There are 2 places where the behavior would be significantly different than of all other assets, so things would get a little tricky here:

  1. Unlike other assets, these would need to be precompiled in the context of a layout. This could be either the same application layout as the rest of the application (app/views/layouts/application.html.erb ), or the “rails new” generator could create a separate app/assets/html/error_layout.en.html.erb (which itself should be excluded from precompiled). Telling sprockets when to compile in the context of a layout could be tricky, but an alternative is just to code that into the view. Below is an example from an existing project of mine. It’s in HAML, not ERB, but still illustrates the point:


    • layout = Rails.root.join(“app”, “assets”, “html”, “error_layout.en.haml”)

    = layout).render do

    %h5 We’re sorry, but something went wrong.

    %p Our developers are working on it.

  2. Error pages currently live in public, but with this approach, they would end up in public/assets, and would have digests in their file names. So we would need to change to look in “public/assets” and use the appropriate digests, and add a Depracation warning (that shows up in development environment) if the error pages are found in “public”.

What does it mean when nobody replies after almost a week? Does that mean everyone thinks it’s a good idea or everyone thinks it’s a bad idea? Should I just take my chances and submit a PR?

I think it means people don’t feel strongly about it one way or the other. It’s good because no one hates the idea.

I personally would love to have fully dynamic error pages that could use my _header.html.erb and _footer.html.erb so when I make a change to one I don’t have to copy it over to the error page, the problem is if you have an error in your error page then everything breaks.

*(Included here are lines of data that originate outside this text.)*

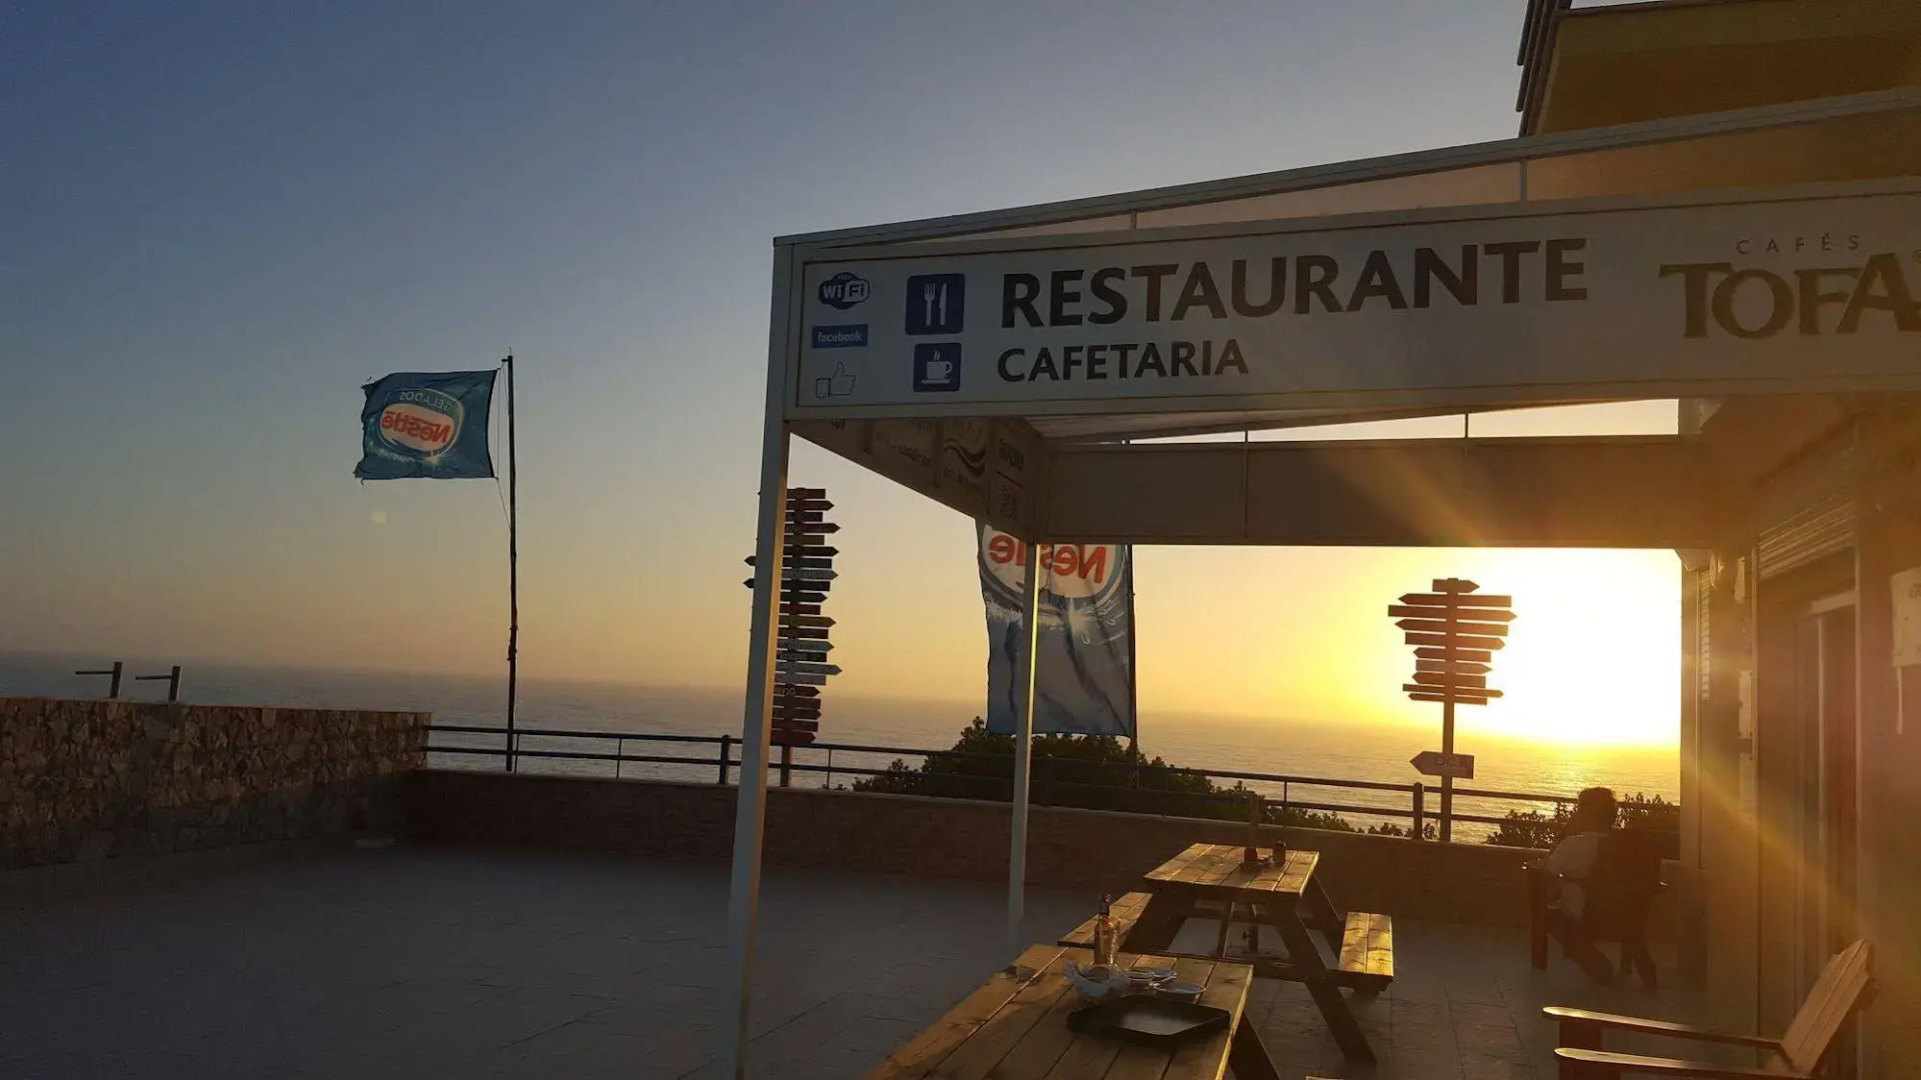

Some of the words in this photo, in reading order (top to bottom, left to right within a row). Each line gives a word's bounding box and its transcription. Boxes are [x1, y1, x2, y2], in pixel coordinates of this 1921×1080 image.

[1736, 231, 1860, 254] CAFÉS
[1002, 238, 1588, 328] RESTAURANTE
[1658, 253, 1921, 339] TOFA
[817, 330, 863, 343] facebook
[997, 338, 1250, 382] CAFETARIA
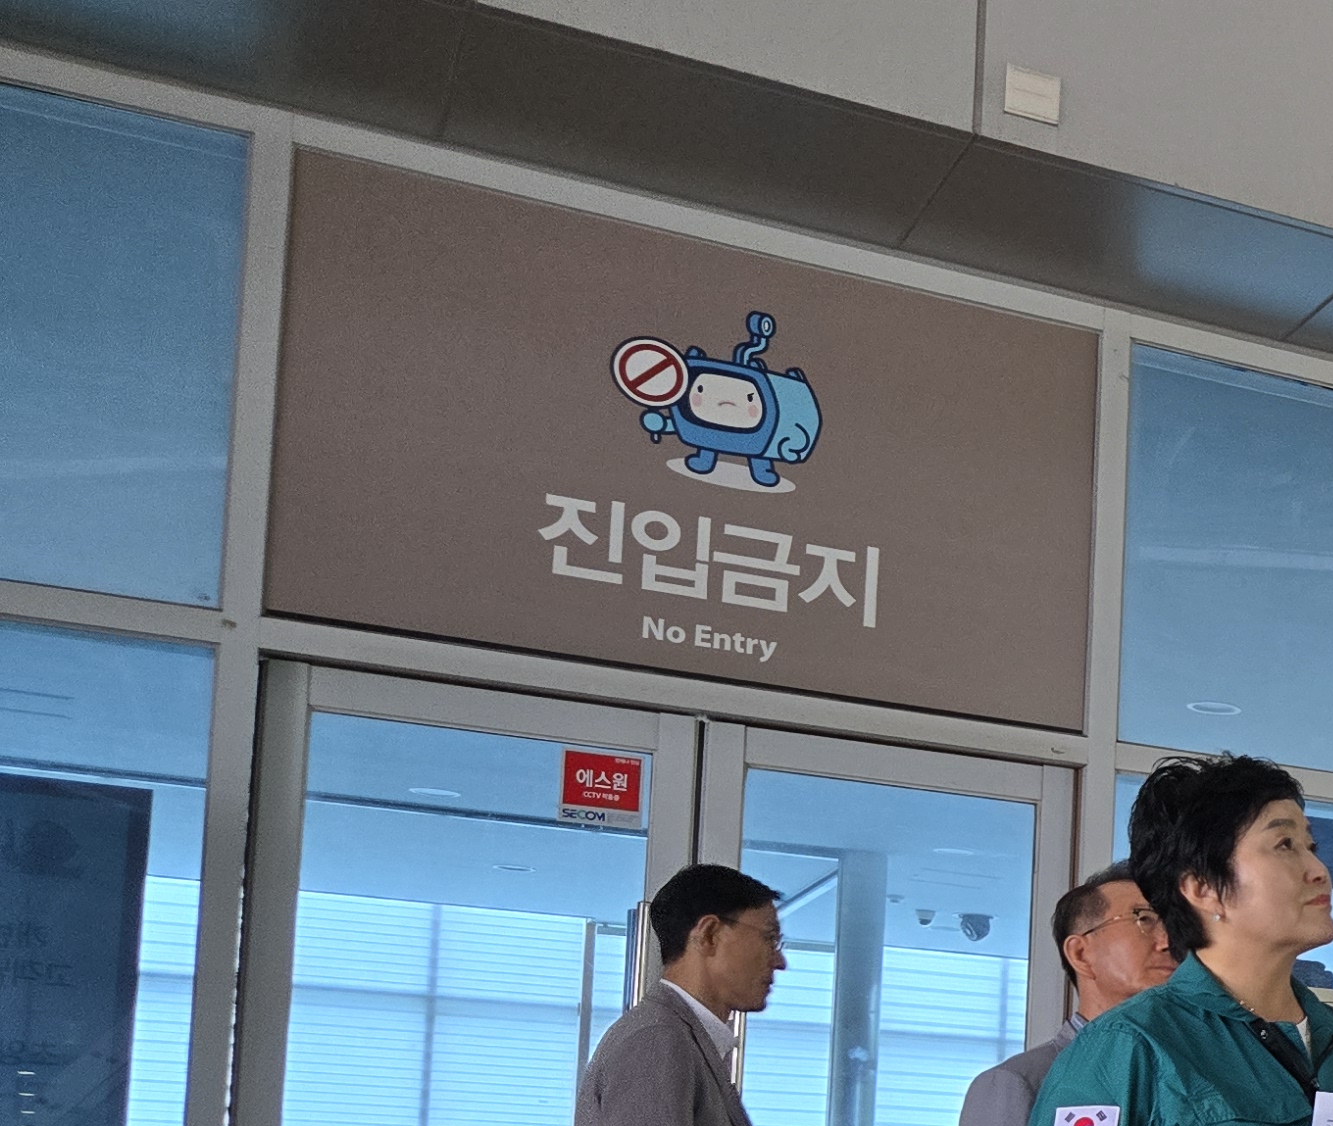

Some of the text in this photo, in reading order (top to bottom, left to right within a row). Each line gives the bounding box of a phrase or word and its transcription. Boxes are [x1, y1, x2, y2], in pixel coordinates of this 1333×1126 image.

[537, 492, 880, 628] 진입금지
[641, 614, 778, 664] No Entry
[575, 768, 628, 792] 에스원
[583, 791, 602, 799] CCTV
[562, 808, 606, 822] SECOM

To help mitigate this I wanted to introduce the concepts of multiple error fallback pages, but it went nowhere I closed it due to lack of interest.

Some changes are better debated as a PR. It sounds like this one might depend heavily on the implementation. Go ahead and give it a shot. Even if it isn’t merged, you’ll learn plenty about Rails internals :slight_smile:

I can’t speak for others, but for me it meant that I had no interest in the idea.

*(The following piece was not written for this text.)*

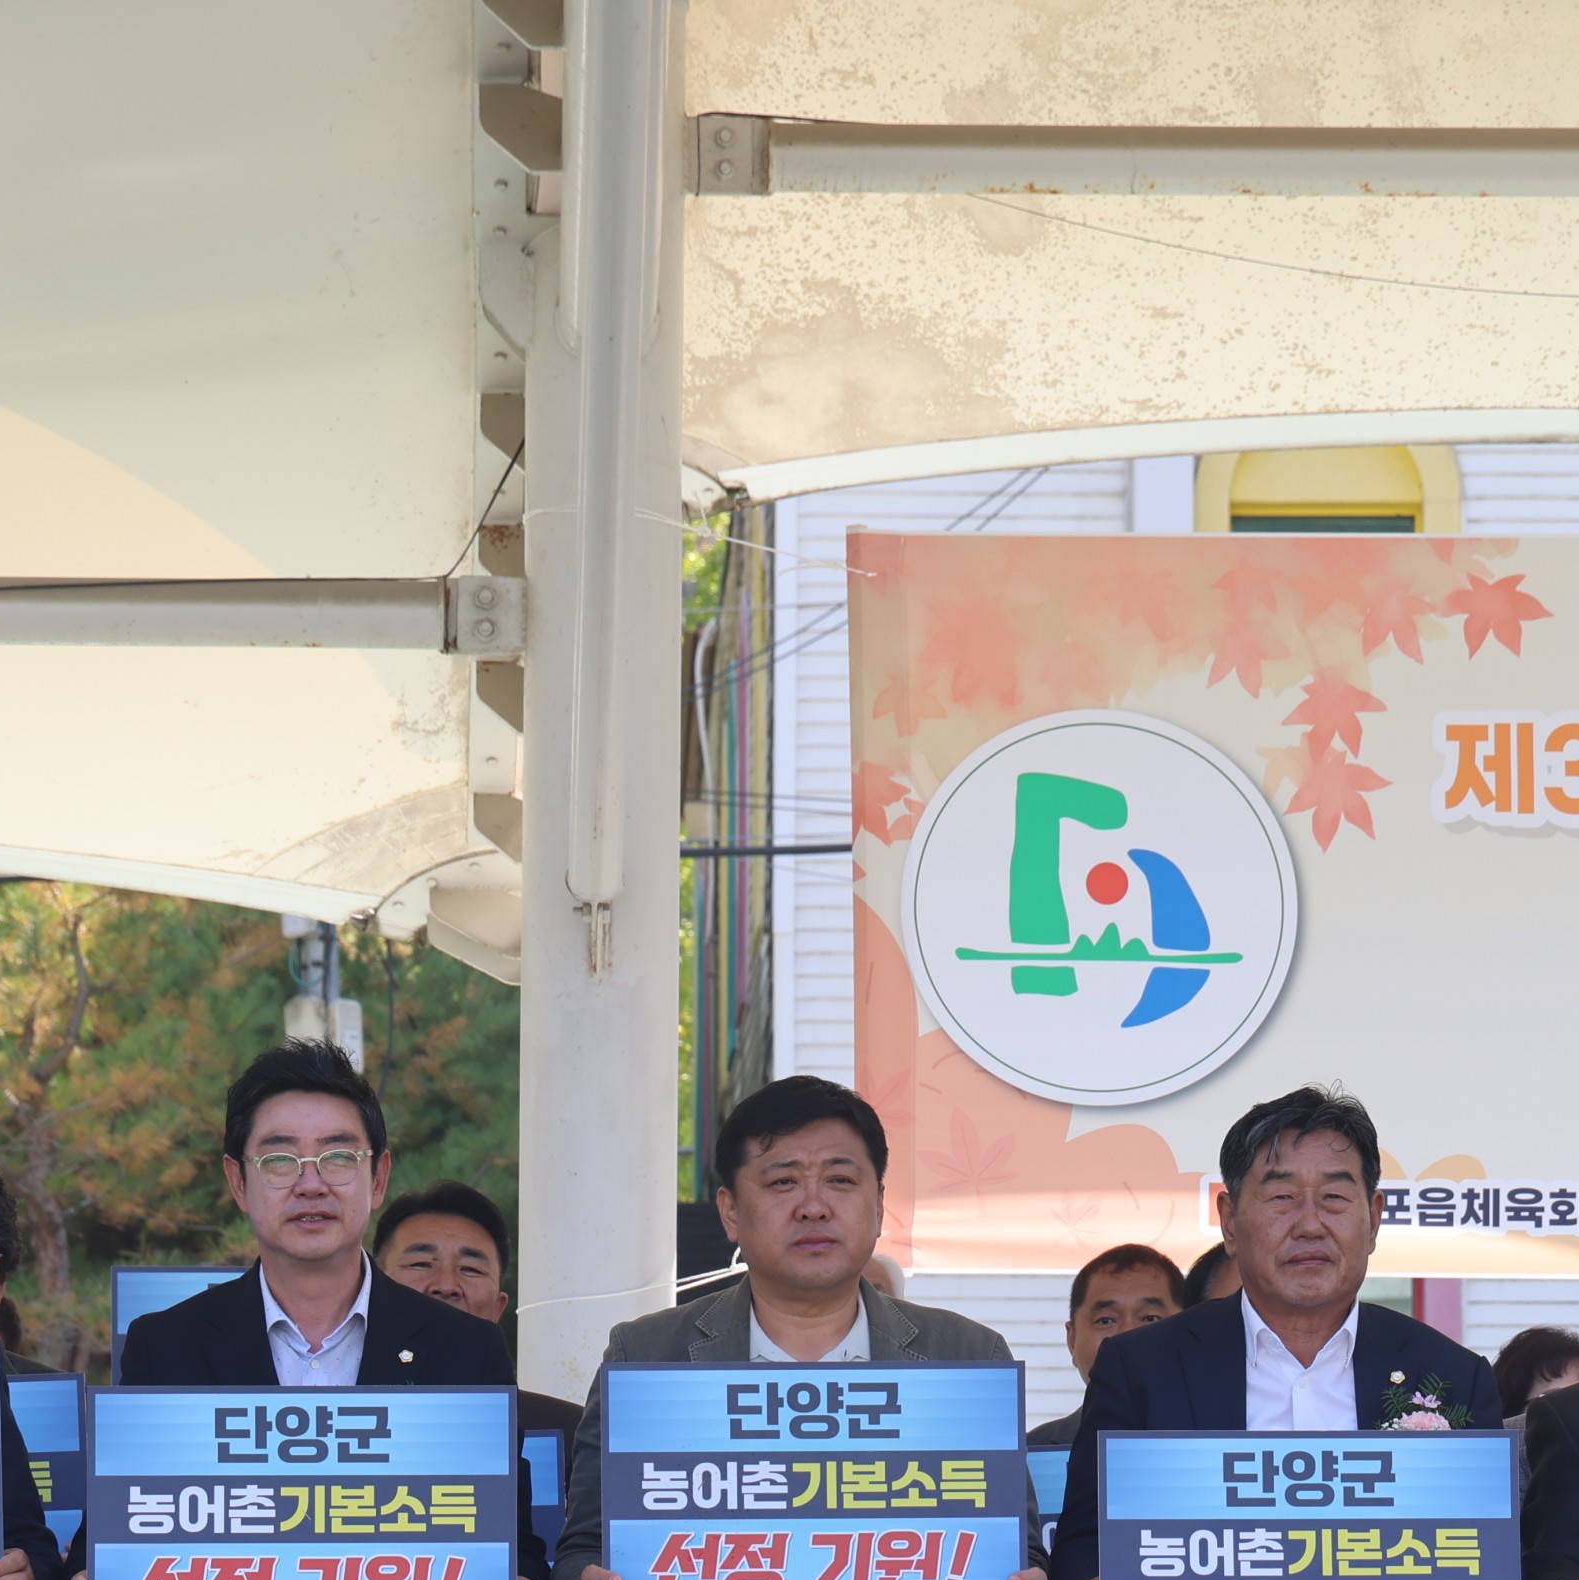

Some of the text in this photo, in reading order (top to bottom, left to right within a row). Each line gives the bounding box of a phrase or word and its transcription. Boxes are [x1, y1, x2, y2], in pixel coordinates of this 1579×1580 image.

[214, 1405, 392, 1464] 단양군
[726, 1382, 902, 1440] 단양군
[1222, 1450, 1396, 1507] 단양군

The suggestions in that PR of putting non-fingerprinted files in public/assets reveals a misunderstanding of how you’re meant to configure that directory for long cache expiry (and hence, a misunderstanding of the entire point of the asset pipeline and fingerprinting files).

Your suggestion is at least feasible, although I think (and in my experience) the use case you explain is much more easily resolved by adding some ERB processing into your deploy scripts. It’s basically (as far as I can tell) your same idea, but just done in your own rake task as part of your deploy instead of added to the existing precompile task.

Jason, thank you for your honesty!

I think where you and I disagree is that you call it a “use case”, as though it’s part of one applications particular business logic, whereas IMO it’s a part of the framework that should “just work”, because who wants to maintain 2 separate stylesheets–one for dynamic pages and one for static ones–or to have to write their own deployment scripts to tell some files where to find the assets, when Rails already has that feature.

At this point, I’m leaning more towards just creating a new gem to handle this, instead of submitting a PR to rails. We’ll see if I get some time to do that in the next few weeks.

Definitely pushing it out as a gem is a great way to start. See what the traction is and see if it proves useful to lots of people.